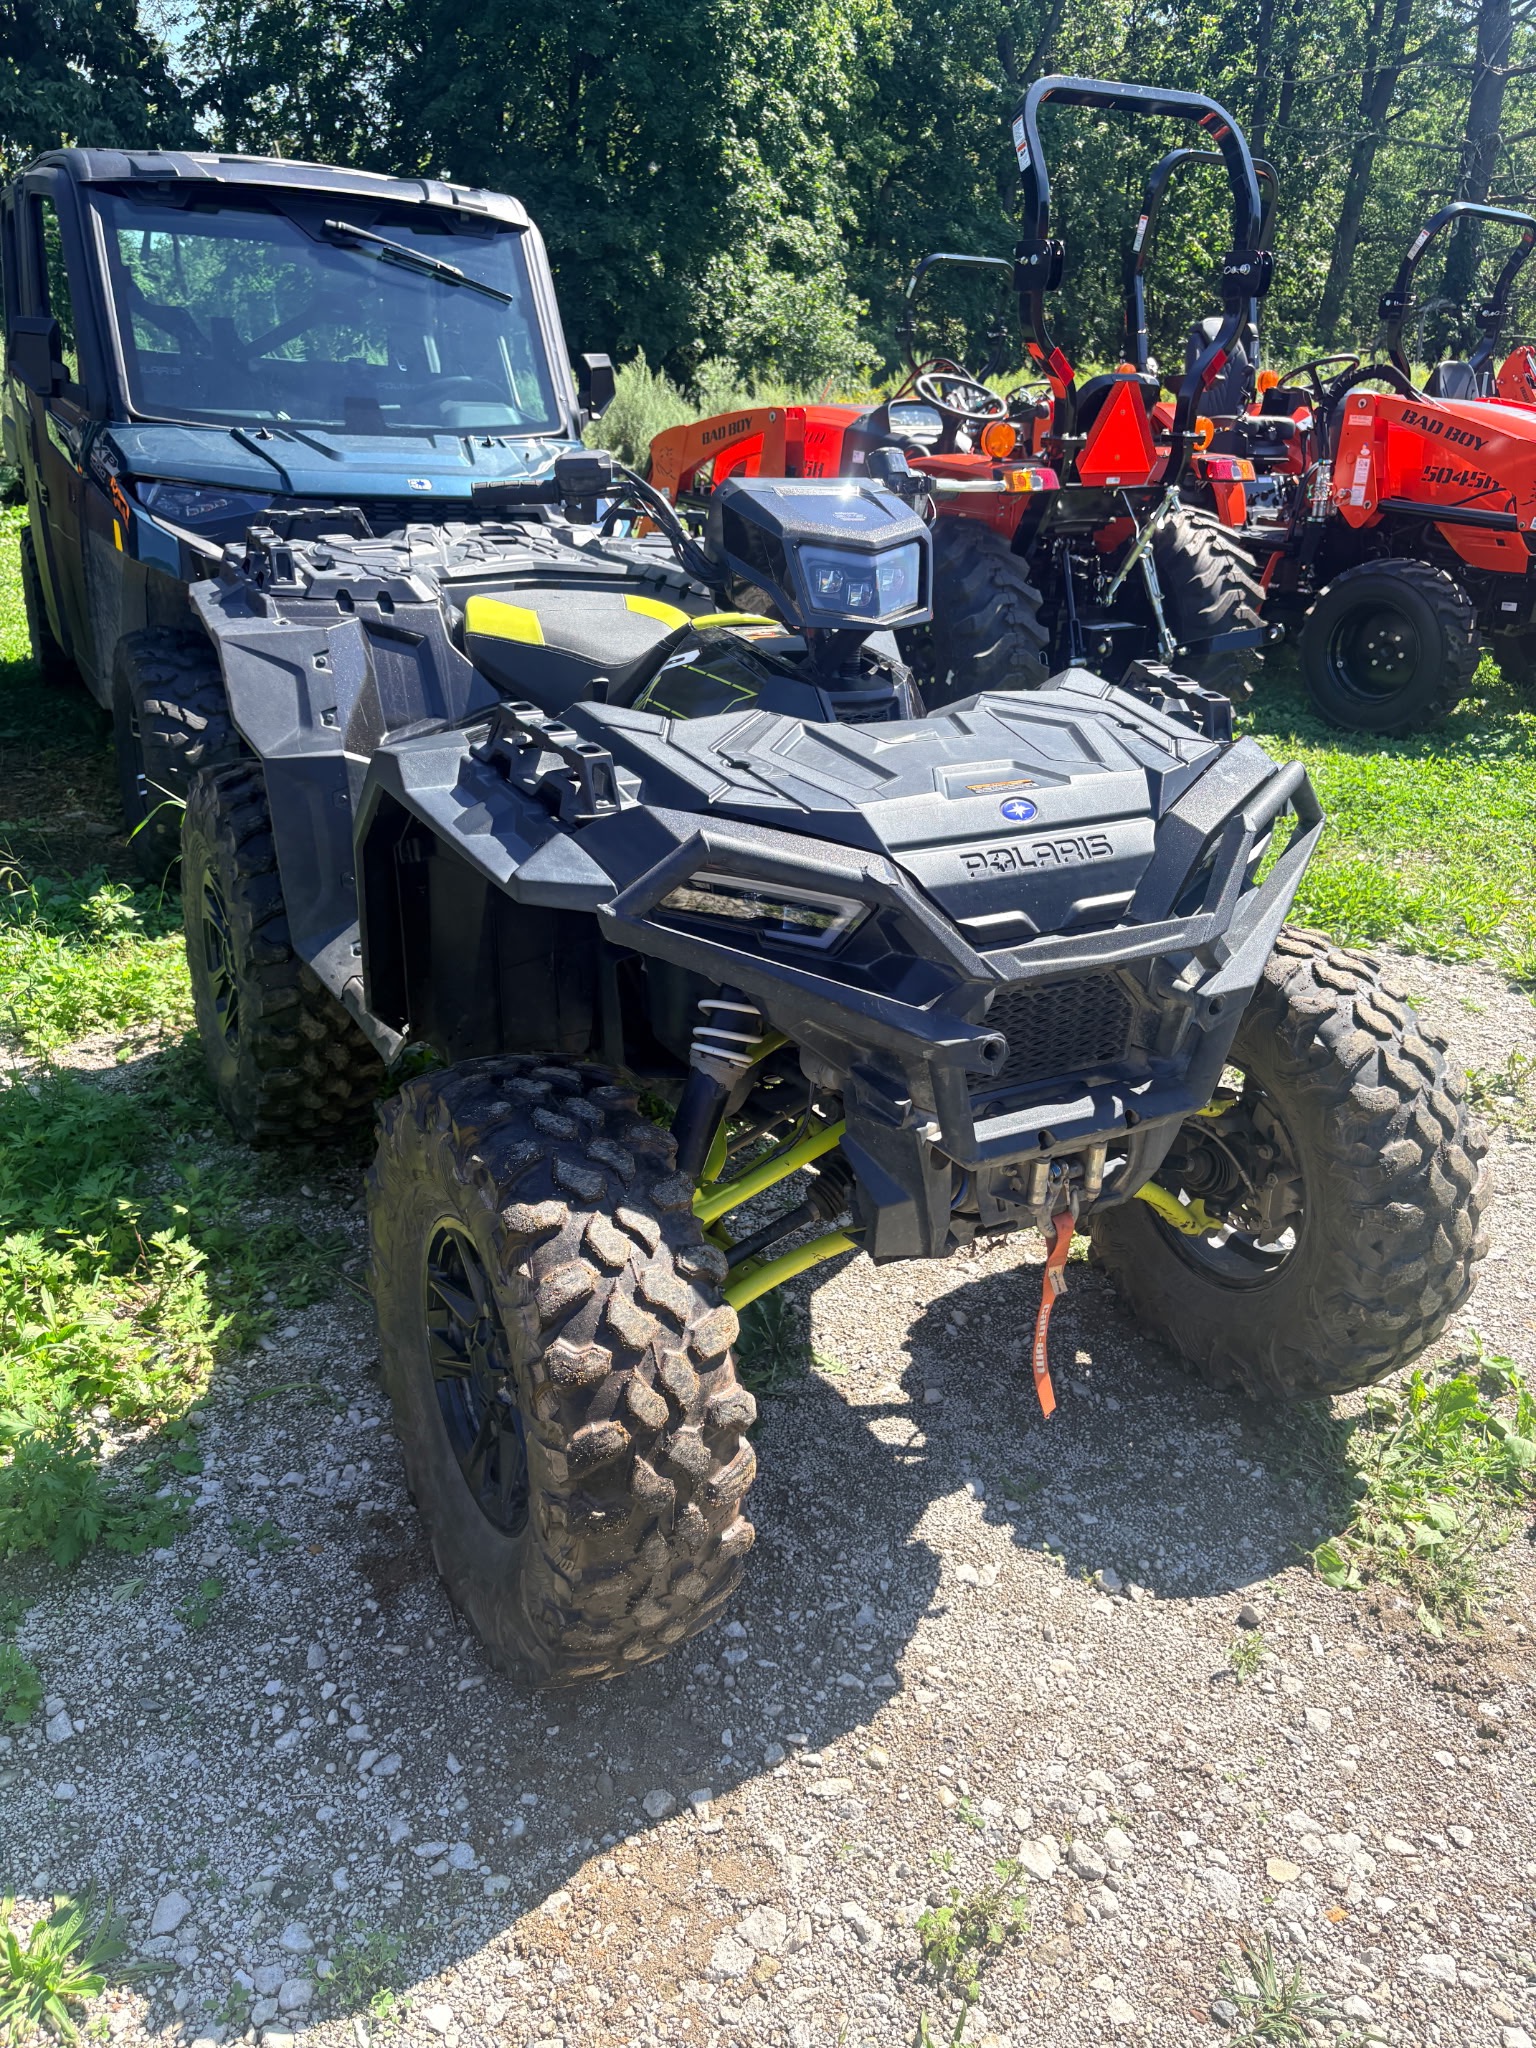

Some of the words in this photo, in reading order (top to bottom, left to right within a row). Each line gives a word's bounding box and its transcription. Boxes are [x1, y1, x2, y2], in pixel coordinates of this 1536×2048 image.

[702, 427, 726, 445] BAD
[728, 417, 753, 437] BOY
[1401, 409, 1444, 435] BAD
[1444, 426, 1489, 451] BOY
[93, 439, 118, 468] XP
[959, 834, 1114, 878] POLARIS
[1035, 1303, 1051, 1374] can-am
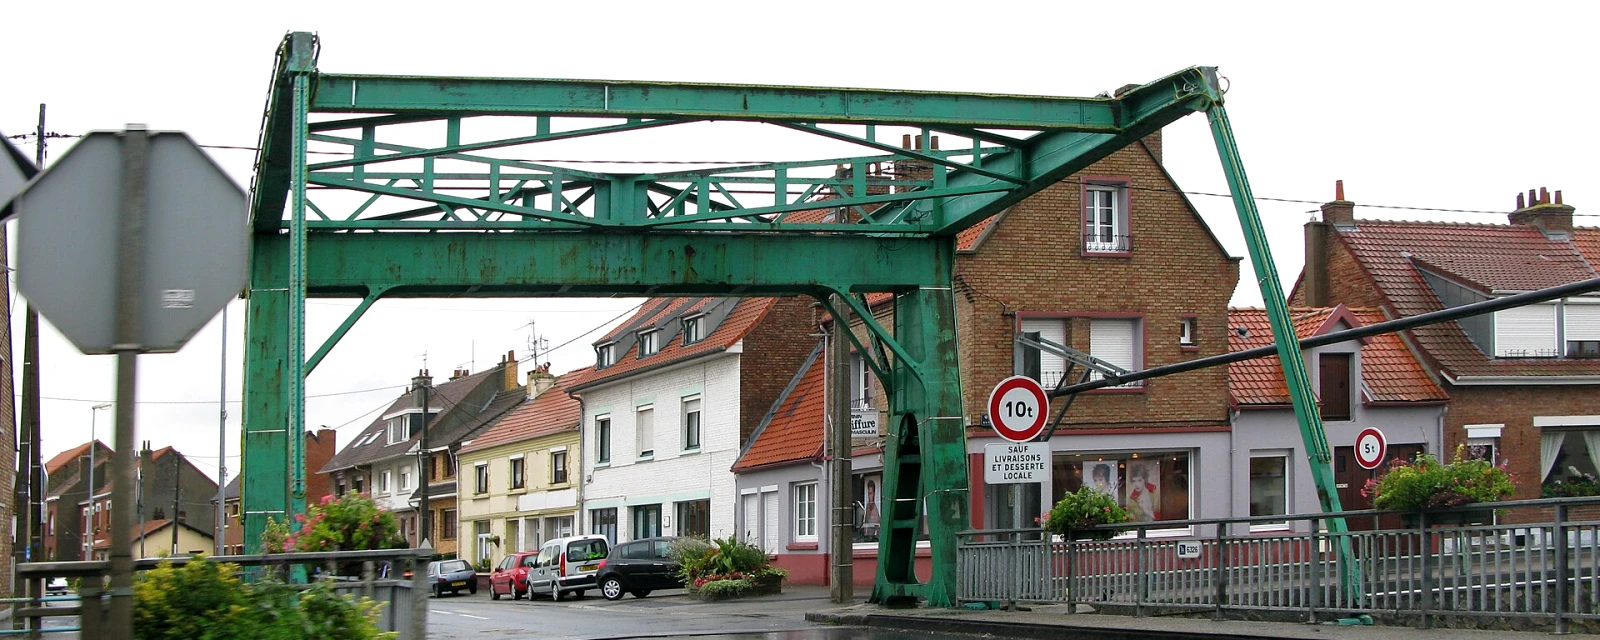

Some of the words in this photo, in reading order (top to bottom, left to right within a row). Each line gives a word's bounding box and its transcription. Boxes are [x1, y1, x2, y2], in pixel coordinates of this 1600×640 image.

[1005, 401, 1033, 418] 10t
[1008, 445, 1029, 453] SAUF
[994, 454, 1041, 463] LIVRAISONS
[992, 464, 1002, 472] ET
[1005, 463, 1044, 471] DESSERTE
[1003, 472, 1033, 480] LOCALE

=-=-=

§ **Work instruction**
Aside from the pictures, repeat the listing exactly.

§ **Output below**
Some of the words in this photo, in reading order (top to bottom, left to right within a row). Each line gives a word's bounding box and its transcription. Boxes are [x1, y1, x2, y2], in pixel coordinates of this 1536×2048 image.

[702, 427, 726, 445] BAD
[728, 417, 753, 437] BOY
[1401, 409, 1444, 435] BAD
[1444, 426, 1489, 451] BOY
[93, 439, 118, 468] XP
[959, 834, 1114, 878] POLARIS
[1035, 1303, 1051, 1374] can-am

Some of the words in this photo, in reading order (top to bottom, left to right within a row). Each line gives a word's bounding box and its transcription. Boxes are [x1, y1, x2, y2], in pixel coordinates of this 1600×640 image.

[1005, 401, 1033, 418] 10t
[1008, 445, 1029, 453] SAUF
[994, 454, 1041, 463] LIVRAISONS
[992, 464, 1002, 472] ET
[1005, 463, 1044, 471] DESSERTE
[1003, 472, 1033, 480] LOCALE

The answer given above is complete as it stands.